Trousdale v. City of Faith Hosp., Inc.

Decision Date28 February 1995
Docket NumberNo. 3,No. 82426,82426,3
Parties1995 OK CIV APP 37 John Ervin TROUSDALE, Appellant v. CITY OF FAITH HOSPITAL, INC., and City of Faith Medical & Research Center, Inc., Appellees. Court of Appeals of Oklahoma, Division
CourtUnited States State Court of Criminal Appeals of Oklahoma. Court of Civil Appeals of Oklahoma

Appeal from the District Court of Tulsa County; Gail W. Harris, Judge.

AFFIRMED IN PART, REVERSED IN PART AND REMANDED.

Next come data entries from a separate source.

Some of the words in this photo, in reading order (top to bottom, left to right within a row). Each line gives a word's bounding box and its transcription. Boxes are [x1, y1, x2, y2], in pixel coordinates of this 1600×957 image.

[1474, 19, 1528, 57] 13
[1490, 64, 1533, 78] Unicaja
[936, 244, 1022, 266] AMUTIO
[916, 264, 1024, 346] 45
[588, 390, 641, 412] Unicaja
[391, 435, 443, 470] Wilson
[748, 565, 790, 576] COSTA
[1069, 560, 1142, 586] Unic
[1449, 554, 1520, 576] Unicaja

Donald G. Hopkins, Tulsa, for appellant.

Scott D. Cannon and Richard D. Wagner, Wagner, Stuart & Cannon, Tulsa, for appellees.

OPINION

GARRETT, Chief Judge:

John Ervin Trousdale (Appellant) sought medical treatment at City of Faith Medical & Research Center, Inc. (Clinic). In connection with the medical treatment, Appellant was scheduled to enter City of Faith Hospital, Inc. (Hospital) and be operated on by Dr. Michael Meistrell. After the operation, Appellant sued Hospital and Clinic 1 (collectively, Appellees) for damages. He alleged medical malpractice.

Each Appellee filed a motion for summary judgment. Both motions were sustained. However, Appellant was allowed to amend his petition to include a cause of action alleging Appellees were negligent because they failed to obtain Appellant's informed consent. 2 Each Appellee filed a motion for summary judgment on the cause of action based on a lack of informed consent. Appellant responded. The court sustained the motions.

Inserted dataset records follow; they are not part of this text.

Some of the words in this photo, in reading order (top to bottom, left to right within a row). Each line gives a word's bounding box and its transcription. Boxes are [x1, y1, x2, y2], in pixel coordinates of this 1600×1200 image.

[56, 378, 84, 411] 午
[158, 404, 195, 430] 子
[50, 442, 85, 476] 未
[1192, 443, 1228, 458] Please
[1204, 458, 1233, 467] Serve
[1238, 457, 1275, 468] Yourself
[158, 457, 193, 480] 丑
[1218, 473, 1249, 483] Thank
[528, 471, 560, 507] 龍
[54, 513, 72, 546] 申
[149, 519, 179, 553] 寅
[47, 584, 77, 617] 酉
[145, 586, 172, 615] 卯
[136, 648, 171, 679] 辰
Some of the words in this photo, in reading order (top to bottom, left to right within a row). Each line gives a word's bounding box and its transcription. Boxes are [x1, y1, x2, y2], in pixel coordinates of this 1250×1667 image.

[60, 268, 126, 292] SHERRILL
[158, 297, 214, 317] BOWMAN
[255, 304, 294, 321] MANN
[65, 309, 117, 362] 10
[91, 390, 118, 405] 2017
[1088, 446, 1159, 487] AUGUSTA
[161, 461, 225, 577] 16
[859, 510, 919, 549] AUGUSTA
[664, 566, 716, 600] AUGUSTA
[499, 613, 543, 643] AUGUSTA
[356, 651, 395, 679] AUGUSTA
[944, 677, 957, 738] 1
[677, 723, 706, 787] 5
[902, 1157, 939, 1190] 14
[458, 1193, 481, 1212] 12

Appellant now contends he presented evidence sufficient to establish a prima facie case of failure to warn, and the court erred in sustaining Clinic's motion for summary judgment because it had a duty to warn Appellant of complications from the surgery and a duty to obtain his informed consent. Appellant now concedes Hospital had no such duty and recites the holding of Van Cleave v. Irby, 204 Okla. 689, 233 P.2d 963 (1951). The Van Cleave Court held that where a patient employed a physician of his or her own choice and enters a hospital operated by a lessee, and the physician was not a servant, agent or employee of the lessee nor acting under the lessee's direction, but was acting on his own account as a physician and exercising an independent employment in giving the treatment, the lessee of the hospital was not liable for injuries sustained by the patient because of alleged negligence of the physician in administering the treatment.

However, Appellant contends Clinic is liable because it is composed of physicians that act as owners and operators. He contends the Clinic and the doctor were so closely linked, Clinic should be held liable for Dr. Meistrell's failure to warn.

The elements of informed consent are nondisclosure, causation and injury. Through evidentiary materials, Appellant has established a prima facie case of a lack of informed consent. While there was no duty on the part of the hospital to disclose to Appellant the possibility of complications arising from a medical procedure, this does not extend to Clinic. Vicarious liability of Clinic under the doctrine of respondeat superior may exist if Appellant can show that Dr....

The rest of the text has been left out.